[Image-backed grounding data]
================

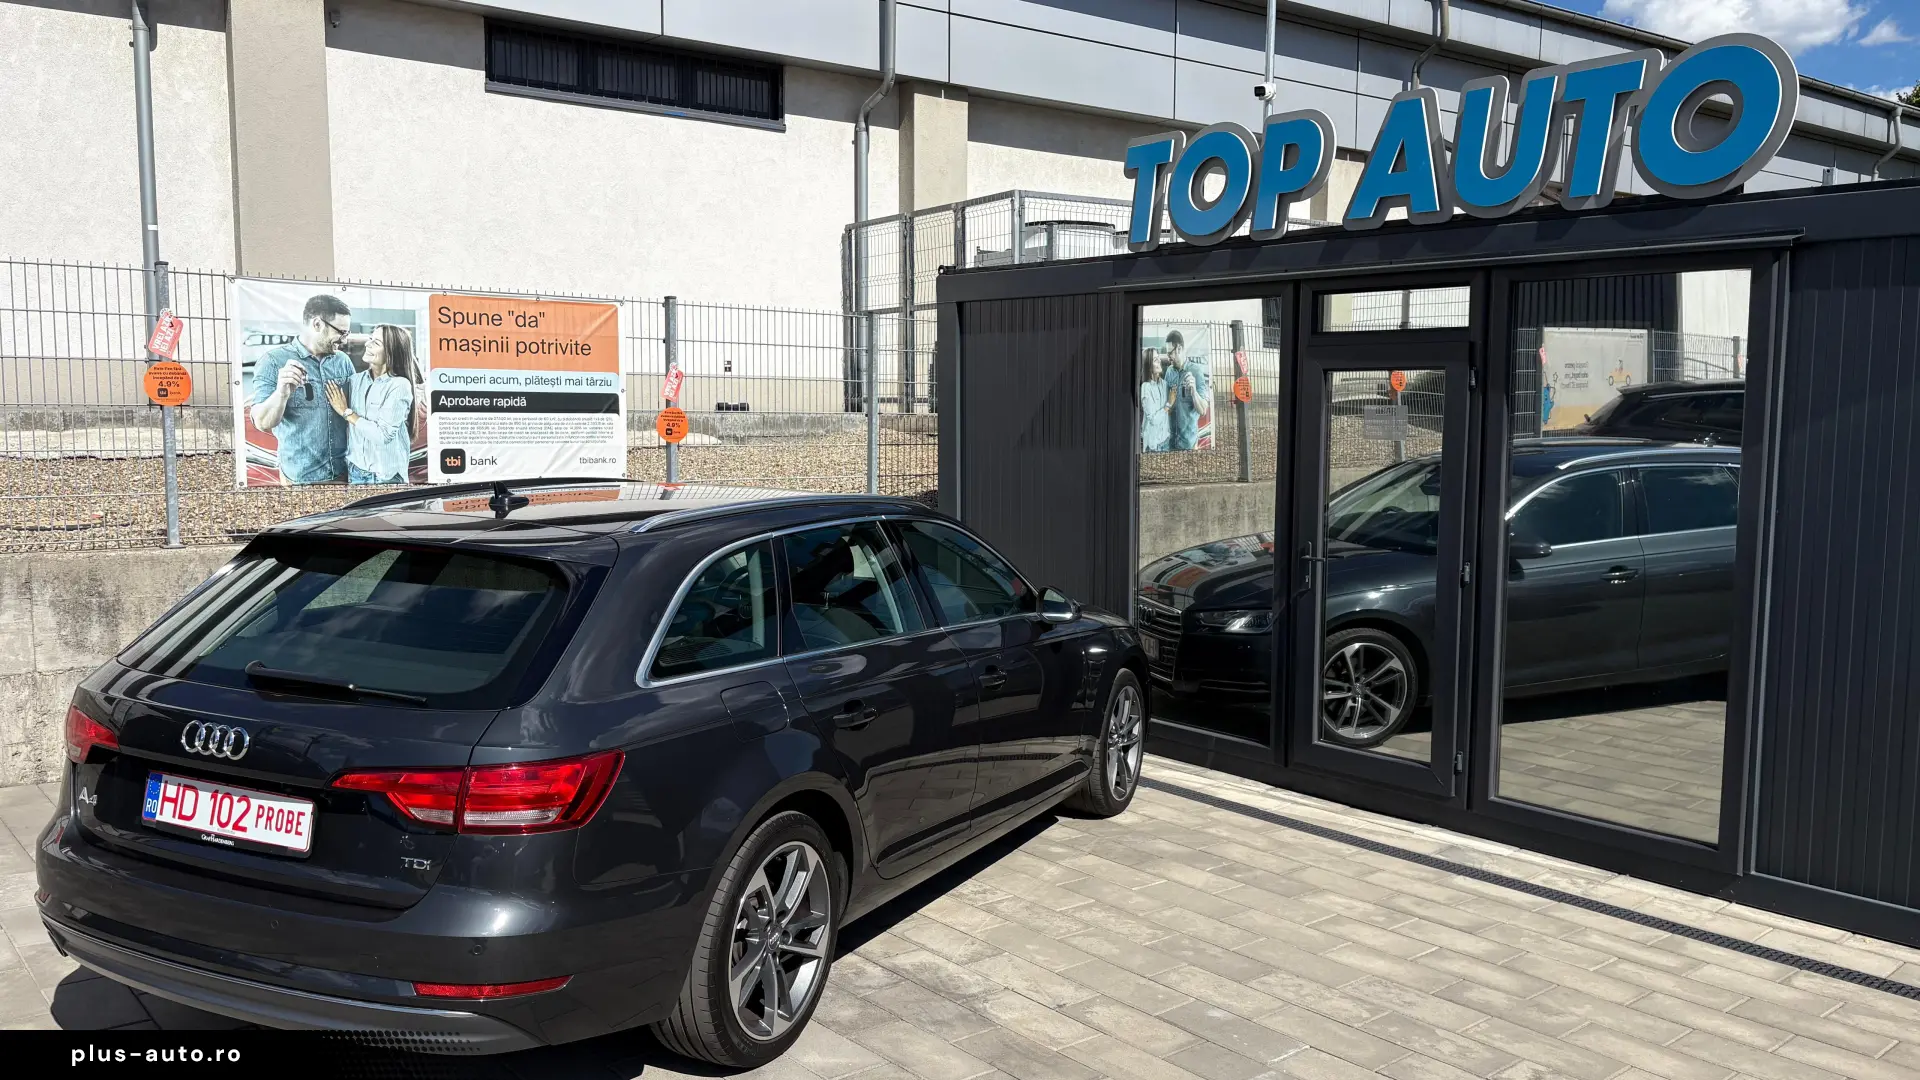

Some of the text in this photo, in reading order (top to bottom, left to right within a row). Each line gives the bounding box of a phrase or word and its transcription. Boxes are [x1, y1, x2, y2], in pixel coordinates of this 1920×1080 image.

[1125, 40, 1788, 246] TOP AUTO
[438, 306, 545, 328] Spune "da"
[438, 335, 592, 357] mașinii potrivite
[158, 380, 180, 388] 4.9%
[438, 372, 612, 388] Cumperi acum, plătești mai târziu
[438, 395, 527, 408] Aprobare rapidă
[444, 455, 498, 467] tbi bank
[579, 456, 617, 465] tbibank.ro
[78, 786, 98, 807] A4
[145, 780, 306, 837] RO HD 102 PROBE

================

▸ About this exercise: Write out the entries again, word for word. No images.

▸ Completed exercise:
Some of the text in this photo, in reading order (top to bottom, left to right within a row). Each line gives the bounding box of a phrase or word and its transcription. Boxes are [x1, y1, x2, y2], in pixel coordinates of this 1920×1080 image.

[1125, 40, 1788, 246] TOP AUTO
[438, 306, 545, 328] Spune "da"
[438, 335, 592, 357] mașinii potrivite
[158, 380, 180, 388] 4.9%
[438, 372, 612, 388] Cumperi acum, plătești mai târziu
[438, 395, 527, 408] Aprobare rapidă
[444, 455, 498, 467] tbi bank
[579, 456, 617, 465] tbibank.ro
[78, 786, 98, 807] A4
[145, 780, 306, 837] RO HD 102 PROBE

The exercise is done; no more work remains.